At the top of the landing, the shoe soles brushed the sand on the wooden floor as they approached my room. There were more than one person. I felt nervous and I wanted to call out to my mother but I was not sure if the footsteps would come to me.
The footsteps stopped at my door. My heart pounded. My door opened and I looked up. In the light of our small kerosine lantern by the bed, I saw two white men peeking down at me through the mosquito net. One was fair and the other had dark hair.
“Mama! Mama!”, I yelled out.
The one with the dark hair sat down and reached out to me, smiling. I saw his white hand come to me and I threw my cover and crawled to the end of the bed. The man’s thick black hair was brushed back neatly. His eyes were dark with thick eye-brows. I stared at his face. I had never seen him before. I started to cry. The man tried to hush me but he seemed nervous. He said in English, “It’s ok! Everything is ok”.
The more he tried to speak, I became terrified and recoiled into the further corner of the mosquito net. I called my mother and cried louder as I backed into the corner. There was no way out and they were at the door. The man with the dark hair put his hand in his pocket and pulled out some notes and coins. There was a lot of money. He put them on my bed and beckoned me. He told me that money was ALL for me. I had never seen so much money. I was sure I was not dreaming. It was unbelievable and scary. “Come!” he said again.
I refused.
“Mama!” I yelled and my mother came running up the steps.
She walked into the room and the fair haired man stepped outside. My mother smiled and I could not understand it.
Why was mother smiling at this stranger? And why was the stranger giving me money? Was he going to take me? Was he going to buy me from my mother? I did not move. I wanted my grandmother.
I shall post one of my short stories tomorrow (Brisbane time). It would be a story from my Memoir series. The thing about this short story is that many of us think that we are not capable of remembering events and things that happened in our lives when we were very young. I don’t remember as many things as I would like to. On the other hand, there were things that have happened that I wish I could just forget.
In general, when something very significant happens some time during our early years of life – it sticks in our heads. Make time to sit somewhere and remember those times. I bet there are many stories to write.

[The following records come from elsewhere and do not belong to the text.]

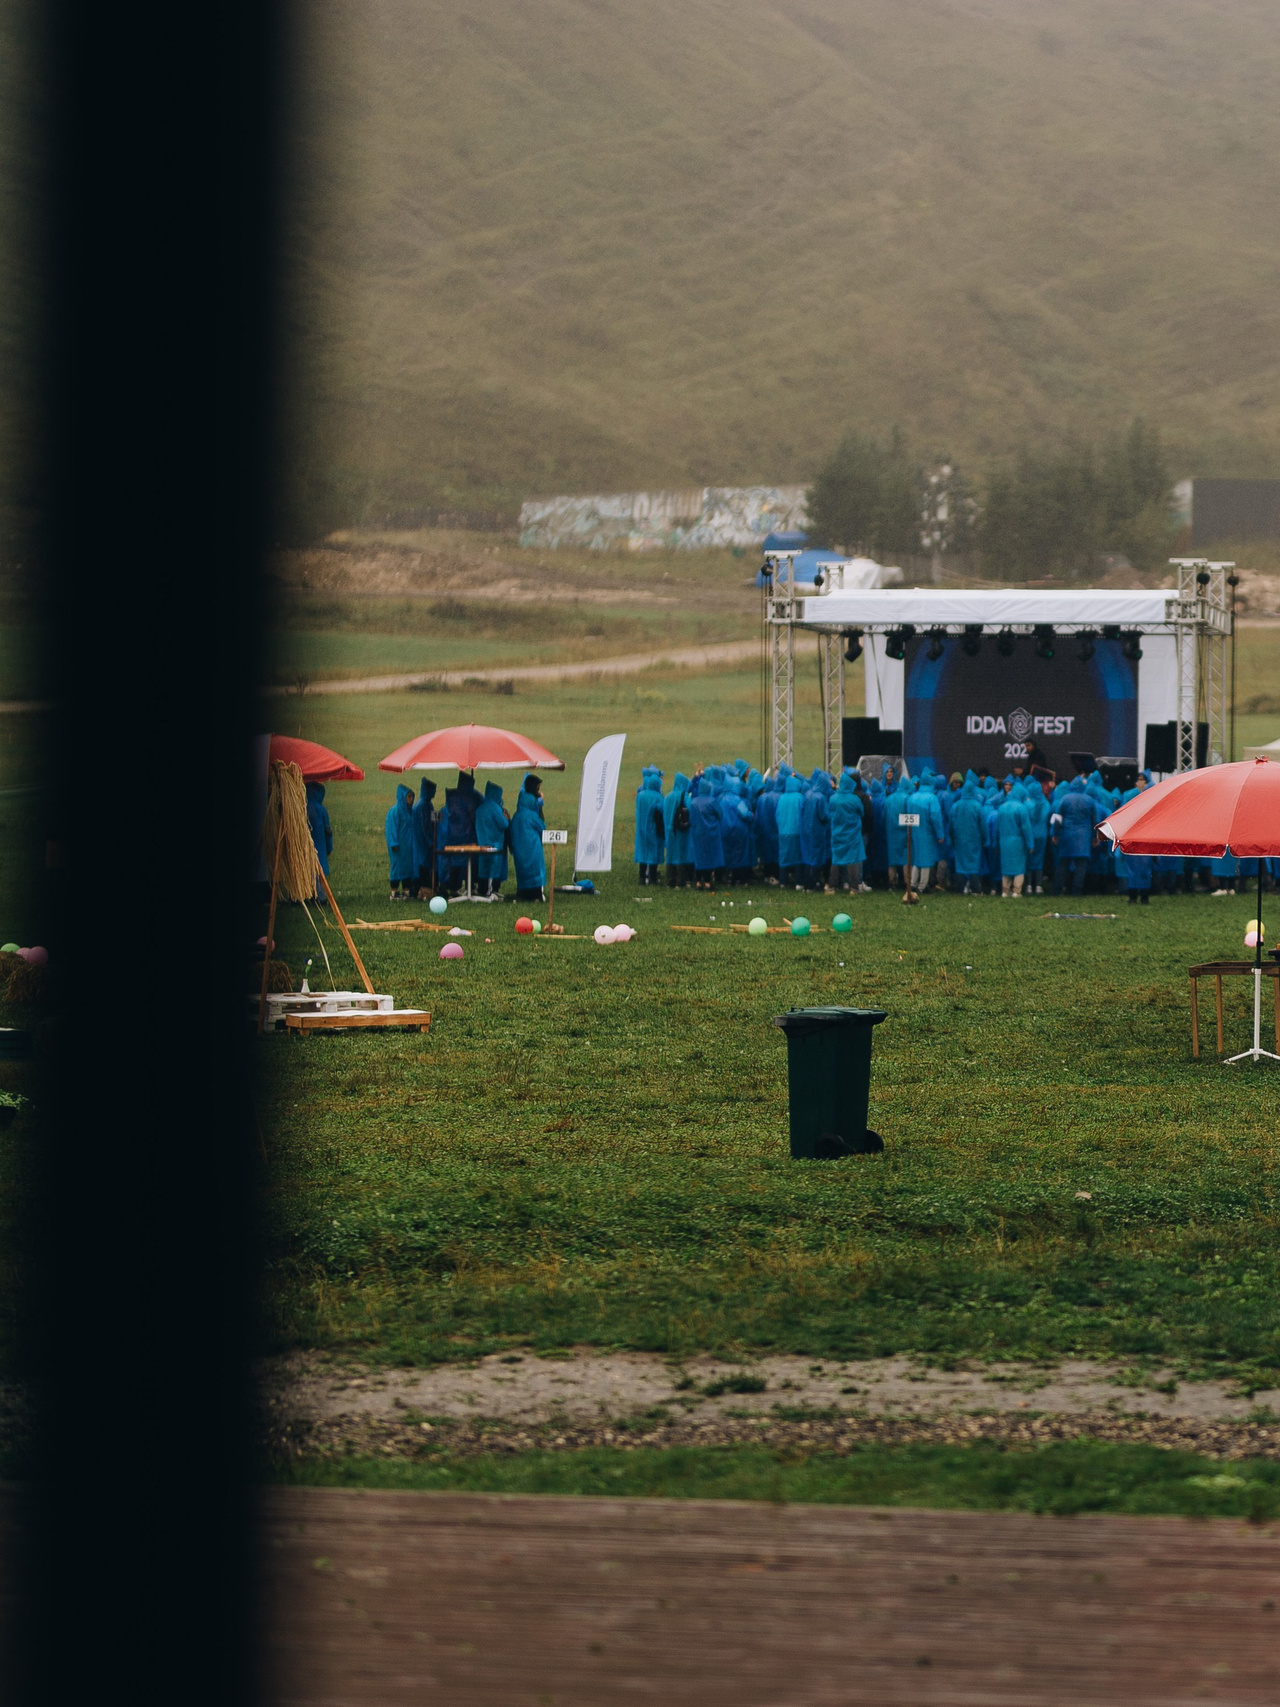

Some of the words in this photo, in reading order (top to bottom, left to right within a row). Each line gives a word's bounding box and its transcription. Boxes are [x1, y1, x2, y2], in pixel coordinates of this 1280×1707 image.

[966, 715, 1007, 734] IDDA
[1033, 715, 1075, 735] FEST
[1004, 742, 1030, 759] 202
[904, 814, 915, 824] 25
[548, 831, 561, 841] 26
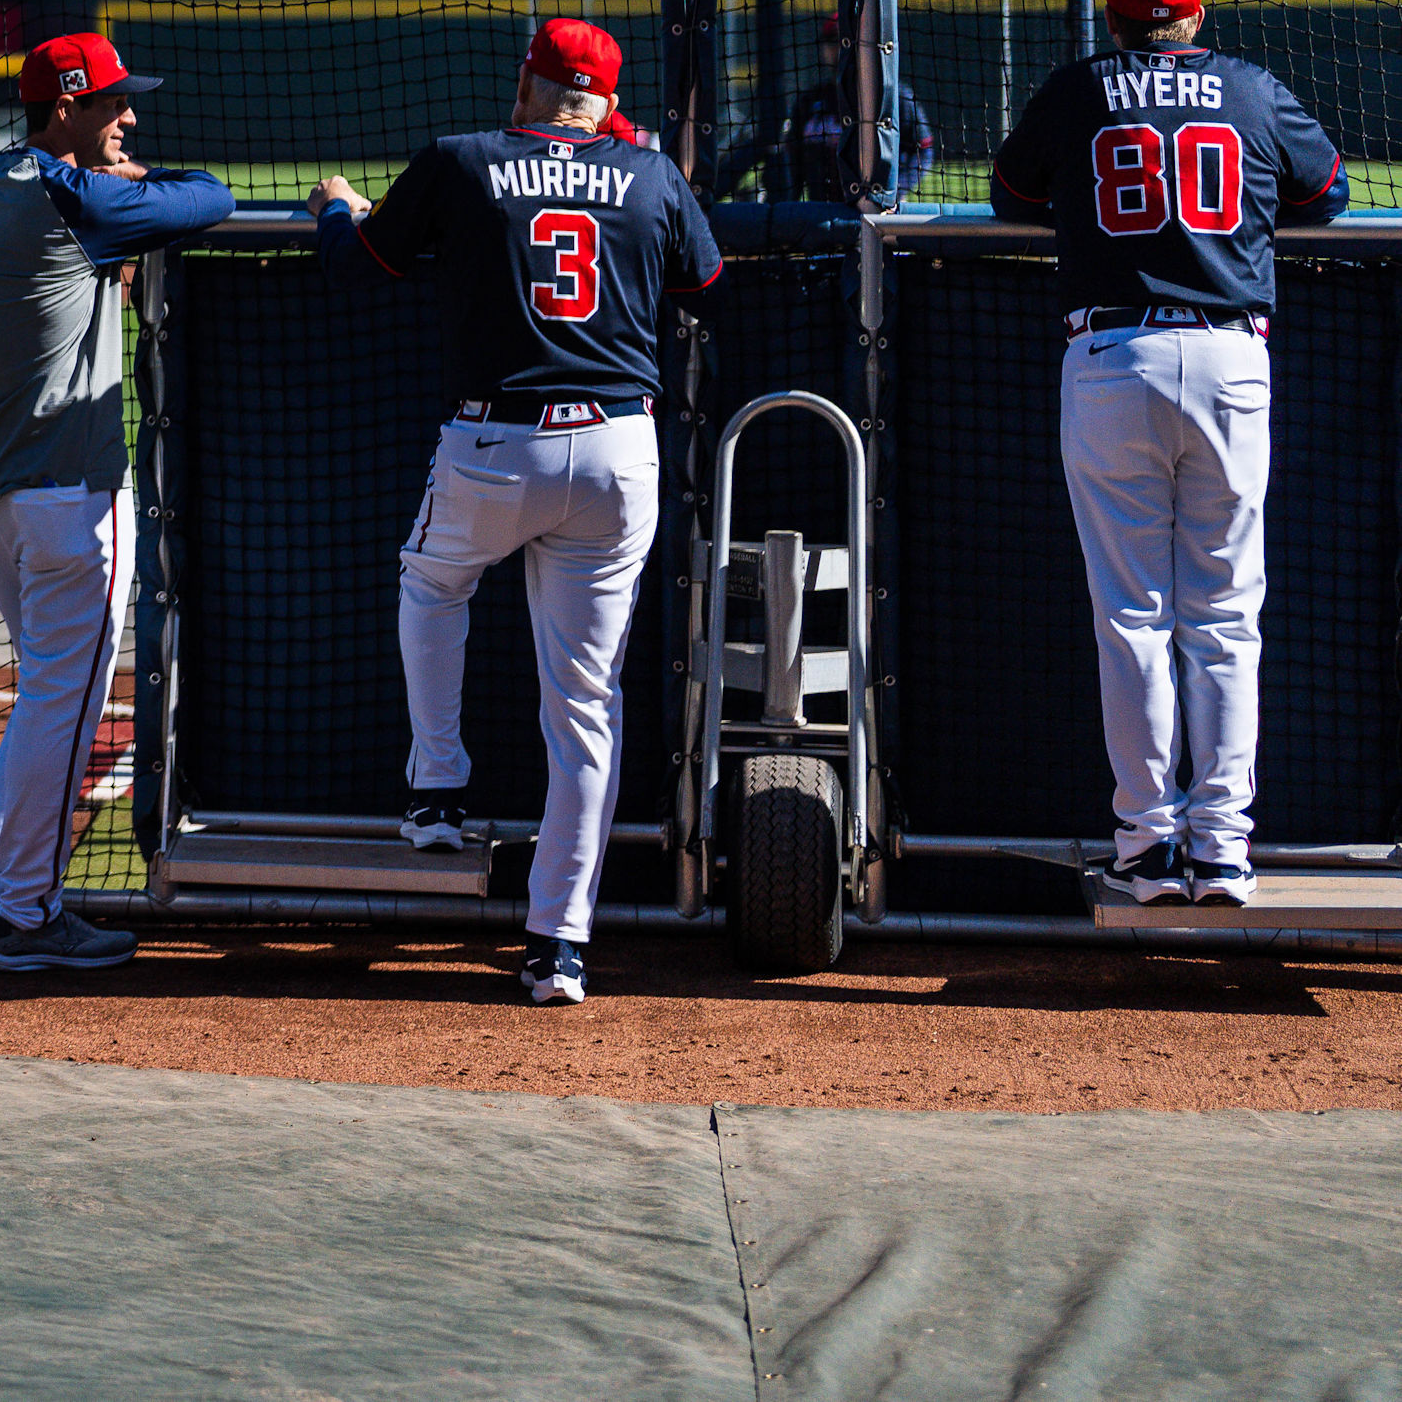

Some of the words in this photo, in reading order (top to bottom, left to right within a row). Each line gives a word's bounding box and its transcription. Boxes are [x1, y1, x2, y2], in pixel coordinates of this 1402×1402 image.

Some of my memories are as fresh as those of events that only happened yesterday. Often I do not remember them straight away, but things can happen in the present to trigger me back – through layers of life to find that piece of memory. It is just like doing a search on my computer for a file.
I enjoy some of these forgotten ‘files’ but by the same token, some are not always pleasant to go over again. But together, good or bad, they make a great story.
I am grateful that I have these memories. The memories make “me”. Without the memories, I could not write my memoir.